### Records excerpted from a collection

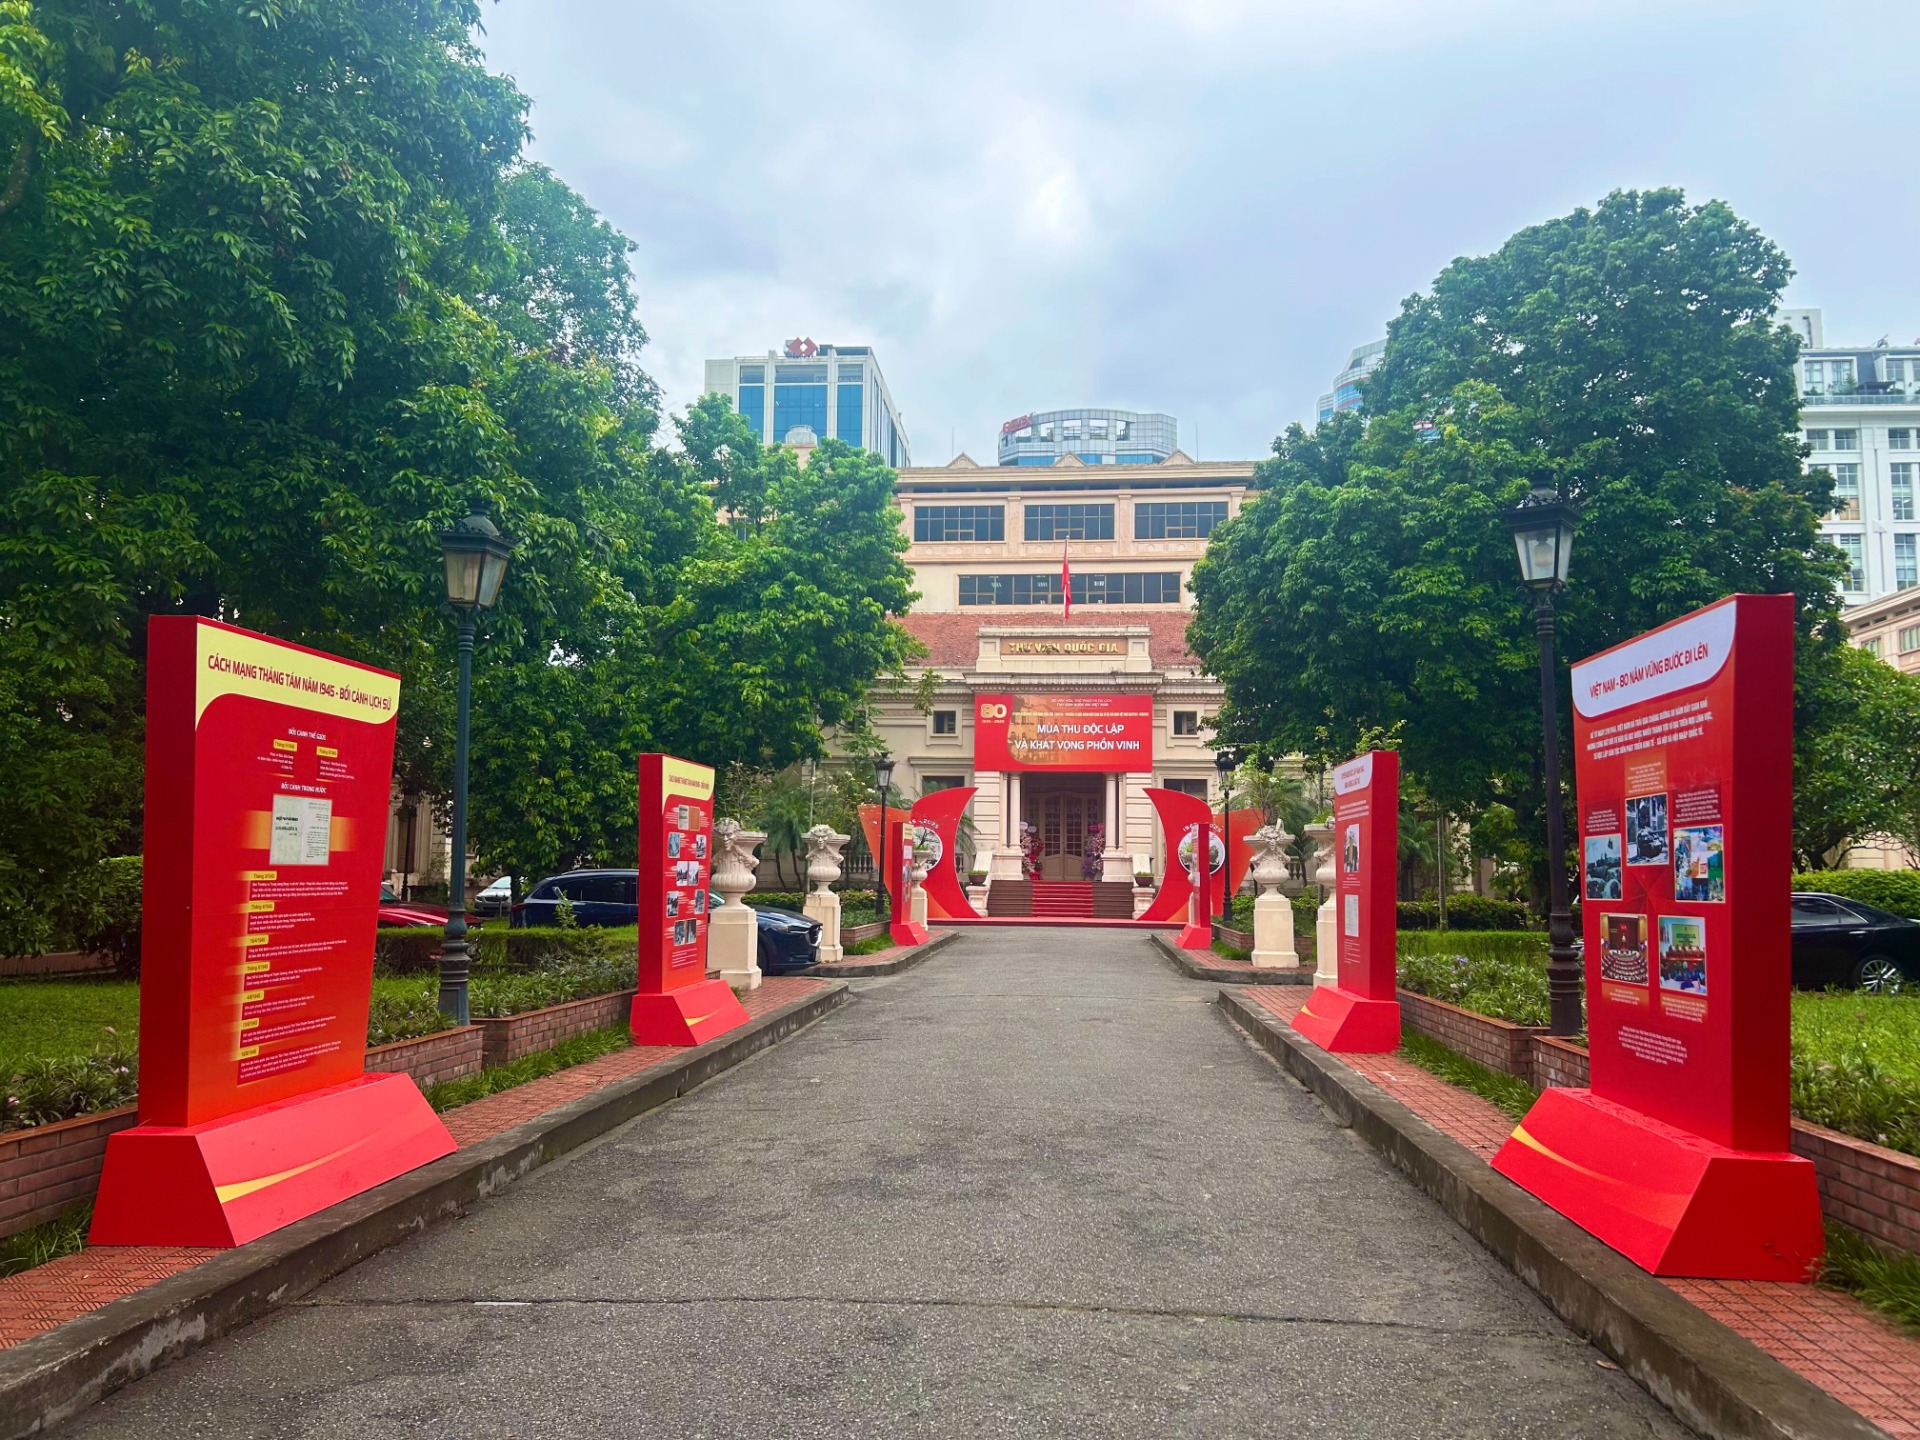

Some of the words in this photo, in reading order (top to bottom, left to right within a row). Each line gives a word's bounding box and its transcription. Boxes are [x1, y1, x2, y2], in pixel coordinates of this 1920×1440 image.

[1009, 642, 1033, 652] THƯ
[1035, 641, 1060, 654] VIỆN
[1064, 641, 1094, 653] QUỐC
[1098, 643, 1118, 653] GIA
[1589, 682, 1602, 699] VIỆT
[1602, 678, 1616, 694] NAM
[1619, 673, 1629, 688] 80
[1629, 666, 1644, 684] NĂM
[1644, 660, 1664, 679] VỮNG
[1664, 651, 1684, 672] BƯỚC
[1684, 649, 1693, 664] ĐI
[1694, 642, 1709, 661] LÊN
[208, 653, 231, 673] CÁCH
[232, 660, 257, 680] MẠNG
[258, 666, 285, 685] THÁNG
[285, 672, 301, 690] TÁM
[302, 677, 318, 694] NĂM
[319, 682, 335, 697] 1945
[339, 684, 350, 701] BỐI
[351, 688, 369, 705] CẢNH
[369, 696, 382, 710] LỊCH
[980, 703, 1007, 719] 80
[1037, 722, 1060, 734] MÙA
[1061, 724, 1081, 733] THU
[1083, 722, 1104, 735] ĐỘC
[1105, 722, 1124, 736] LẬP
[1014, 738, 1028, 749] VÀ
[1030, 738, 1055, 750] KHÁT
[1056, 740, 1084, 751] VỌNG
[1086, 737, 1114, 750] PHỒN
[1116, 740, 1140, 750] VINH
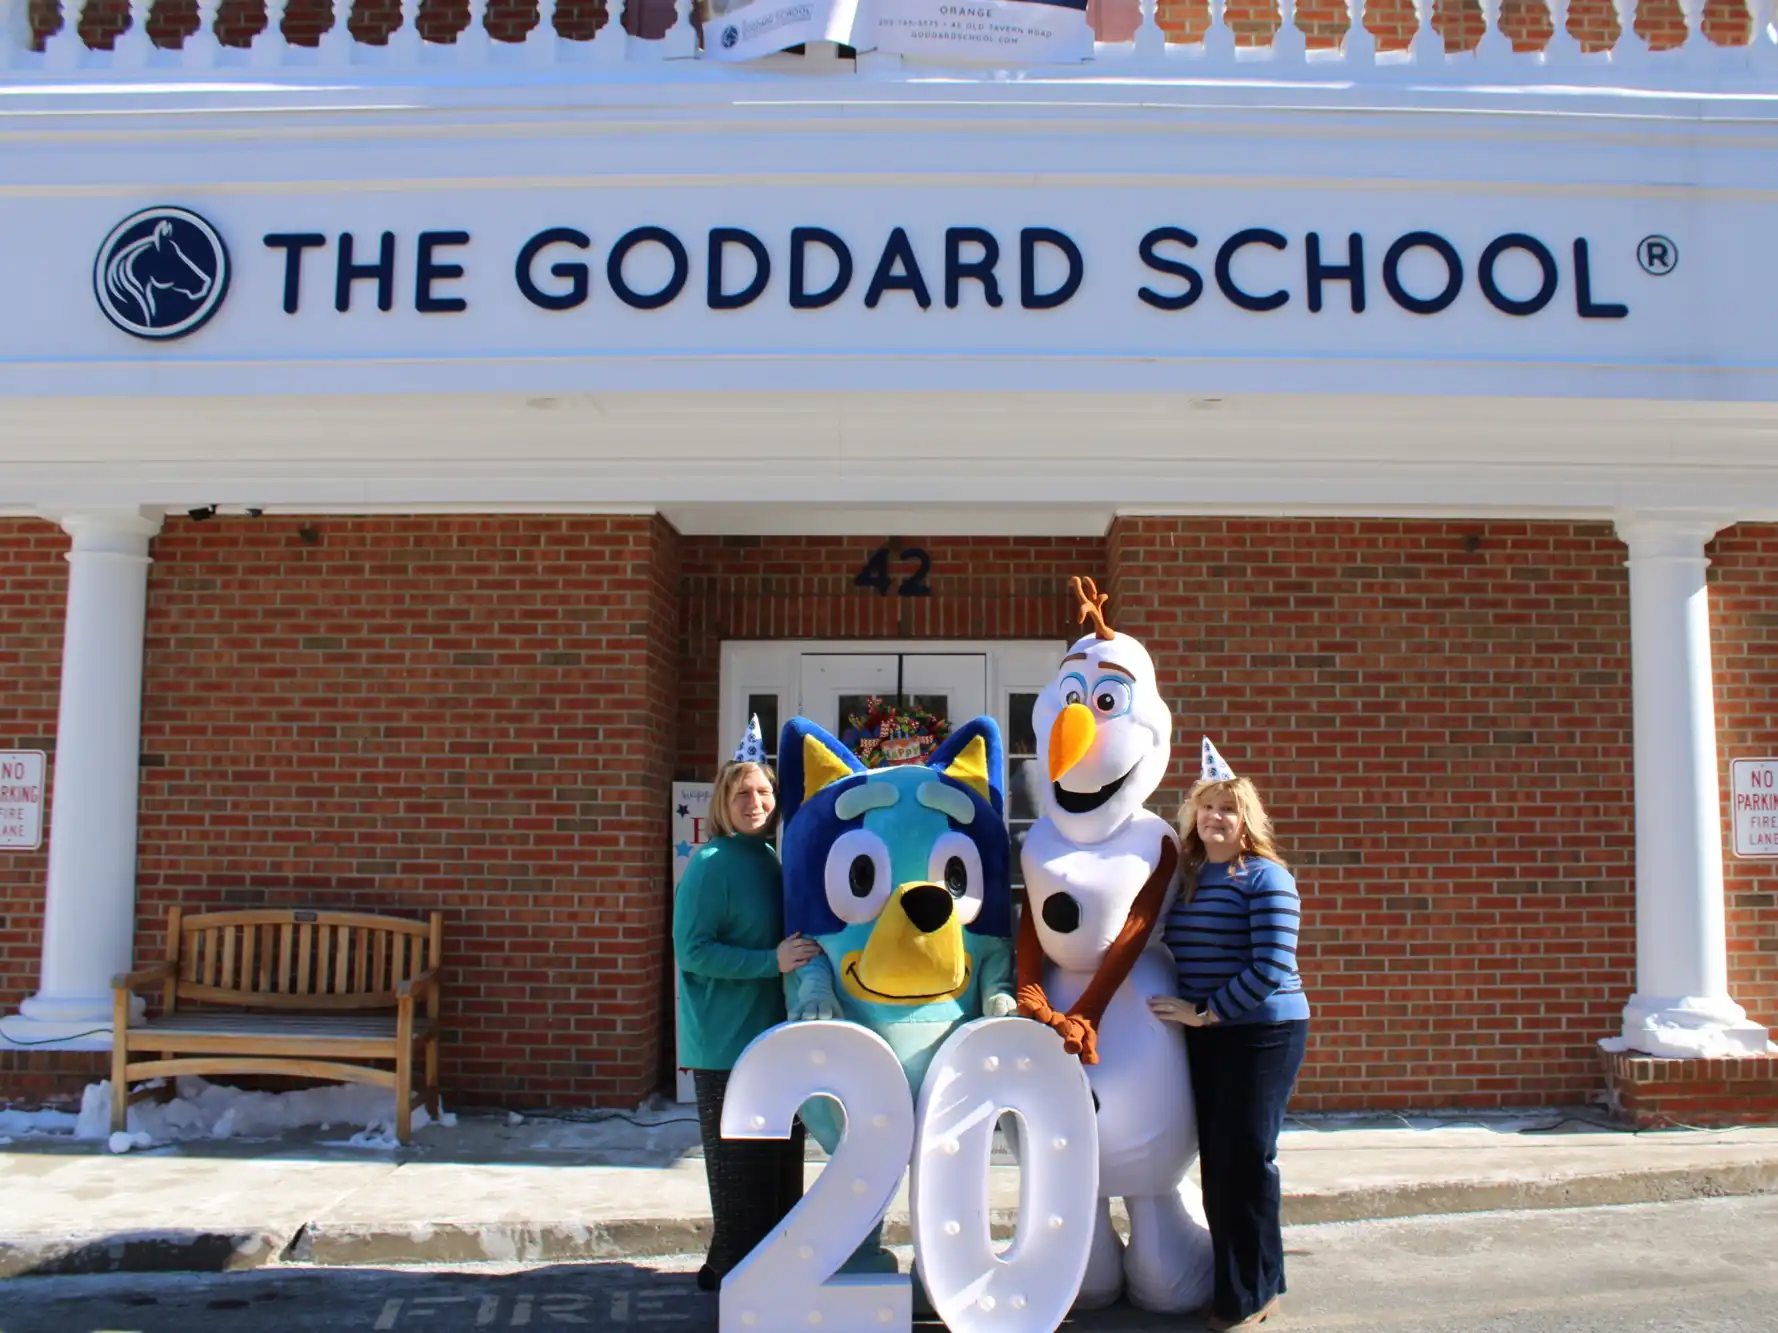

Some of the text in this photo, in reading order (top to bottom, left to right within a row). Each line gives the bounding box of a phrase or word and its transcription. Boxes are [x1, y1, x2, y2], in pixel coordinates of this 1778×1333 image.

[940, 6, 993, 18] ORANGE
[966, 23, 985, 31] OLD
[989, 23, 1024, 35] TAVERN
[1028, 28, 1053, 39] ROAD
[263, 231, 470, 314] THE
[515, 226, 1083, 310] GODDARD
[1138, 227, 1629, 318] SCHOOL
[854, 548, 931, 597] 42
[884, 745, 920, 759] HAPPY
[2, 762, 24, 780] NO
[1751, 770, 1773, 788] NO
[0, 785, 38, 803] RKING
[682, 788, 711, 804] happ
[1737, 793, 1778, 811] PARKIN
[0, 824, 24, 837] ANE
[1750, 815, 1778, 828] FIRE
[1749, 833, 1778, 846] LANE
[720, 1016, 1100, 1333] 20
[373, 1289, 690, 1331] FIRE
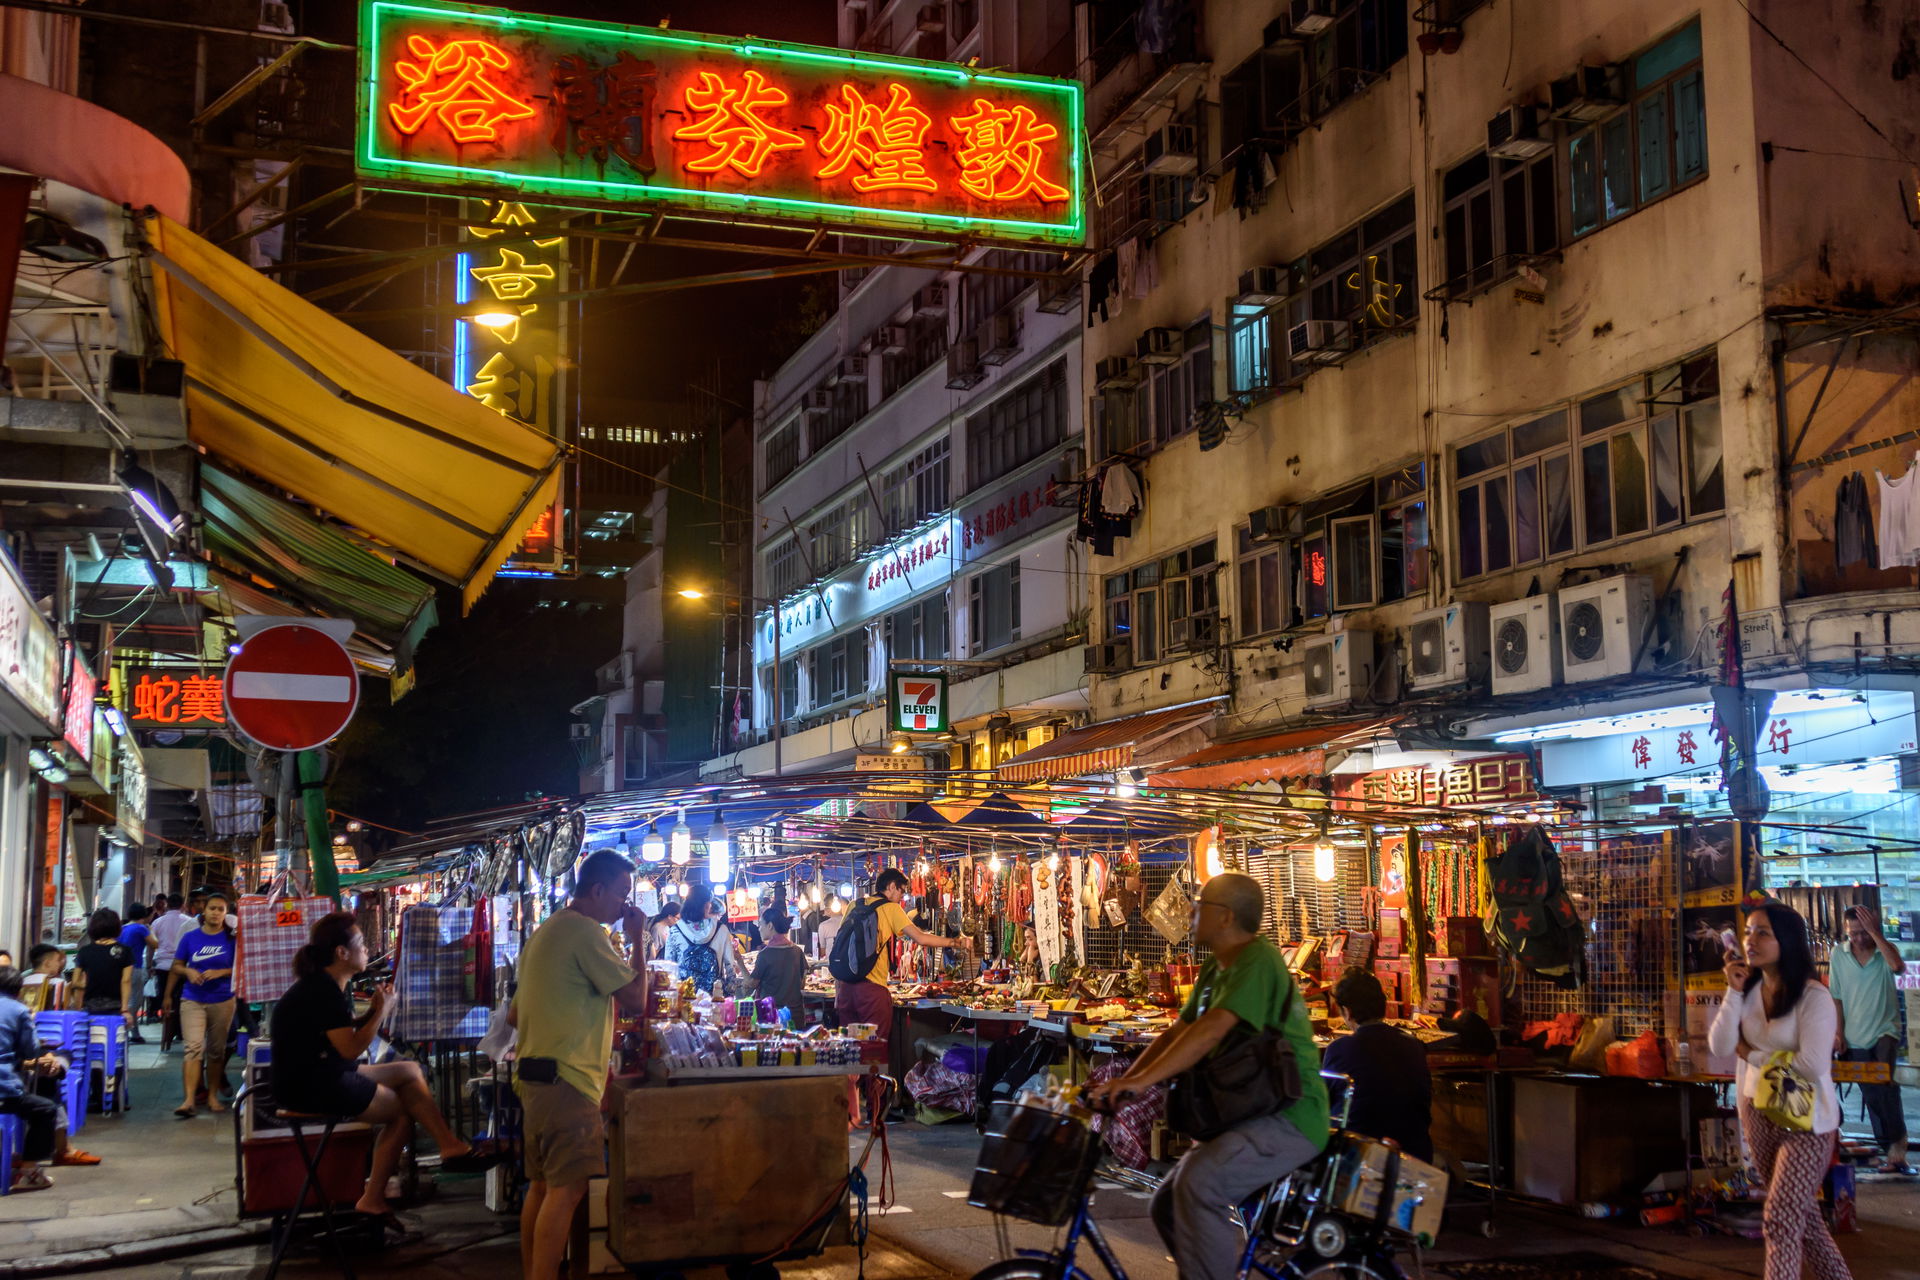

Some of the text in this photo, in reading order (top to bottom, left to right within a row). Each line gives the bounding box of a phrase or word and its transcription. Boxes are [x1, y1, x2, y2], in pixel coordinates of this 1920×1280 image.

### AIM OF THE EXERCISE
Every line above must appear in the answer unchanged, and no picture may appear in it.

### SOLUTION TO THIS PROBLEM
Some of the words in this photo, in reading order (top to bottom, left to right within a row). Each line gives a word's bounding box and its transcription. Boxes are [x1, y1, x2, y2], in pixel coordinates of this 1920×1440 image.

[1009, 642, 1033, 652] THƯ
[1035, 641, 1060, 654] VIỆN
[1064, 641, 1094, 653] QUỐC
[1098, 643, 1118, 653] GIA
[1589, 682, 1602, 699] VIỆT
[1602, 678, 1616, 694] NAM
[1619, 673, 1629, 688] 80
[1629, 666, 1644, 684] NĂM
[1644, 660, 1664, 679] VỮNG
[1664, 651, 1684, 672] BƯỚC
[1684, 649, 1693, 664] ĐI
[1694, 642, 1709, 661] LÊN
[208, 653, 231, 673] CÁCH
[232, 660, 257, 680] MẠNG
[258, 666, 285, 685] THÁNG
[285, 672, 301, 690] TÁM
[302, 677, 318, 694] NĂM
[319, 682, 335, 697] 1945
[339, 684, 350, 701] BỐI
[351, 688, 369, 705] CẢNH
[369, 696, 382, 710] LỊCH
[980, 703, 1007, 719] 80
[1037, 722, 1060, 734] MÙA
[1061, 724, 1081, 733] THU
[1083, 722, 1104, 735] ĐỘC
[1105, 722, 1124, 736] LẬP
[1014, 738, 1028, 749] VÀ
[1030, 738, 1055, 750] KHÁT
[1056, 740, 1084, 751] VỌNG
[1086, 737, 1114, 750] PHỒN
[1116, 740, 1140, 750] VINH

Some of the text in this photo, in reading order (top to bottom, left to right within a row). Each line gives the bounding box of a phrase or word and its transcription. Boxes are [x1, y1, x2, y2], in pixel coordinates of this 1778×1333 image.

[940, 6, 993, 18] ORANGE
[966, 23, 985, 31] OLD
[989, 23, 1024, 35] TAVERN
[1028, 28, 1053, 39] ROAD
[263, 231, 470, 314] THE
[515, 226, 1083, 310] GODDARD
[1138, 227, 1629, 318] SCHOOL
[854, 548, 931, 597] 42
[884, 745, 920, 759] HAPPY
[2, 762, 24, 780] NO
[1751, 770, 1773, 788] NO
[0, 785, 38, 803] RKING
[682, 788, 711, 804] happ
[1737, 793, 1778, 811] PARKIN
[0, 824, 24, 837] ANE
[1750, 815, 1778, 828] FIRE
[1749, 833, 1778, 846] LANE
[720, 1016, 1100, 1333] 20
[373, 1289, 690, 1331] FIRE

Some of the text in this photo, in reading order (top to bottom, left to right within a row). Each line gives the bounding box of a phrase or word and its transcription. Boxes are [x1, y1, x2, y2], in pixel coordinates of this 1920×1280 image.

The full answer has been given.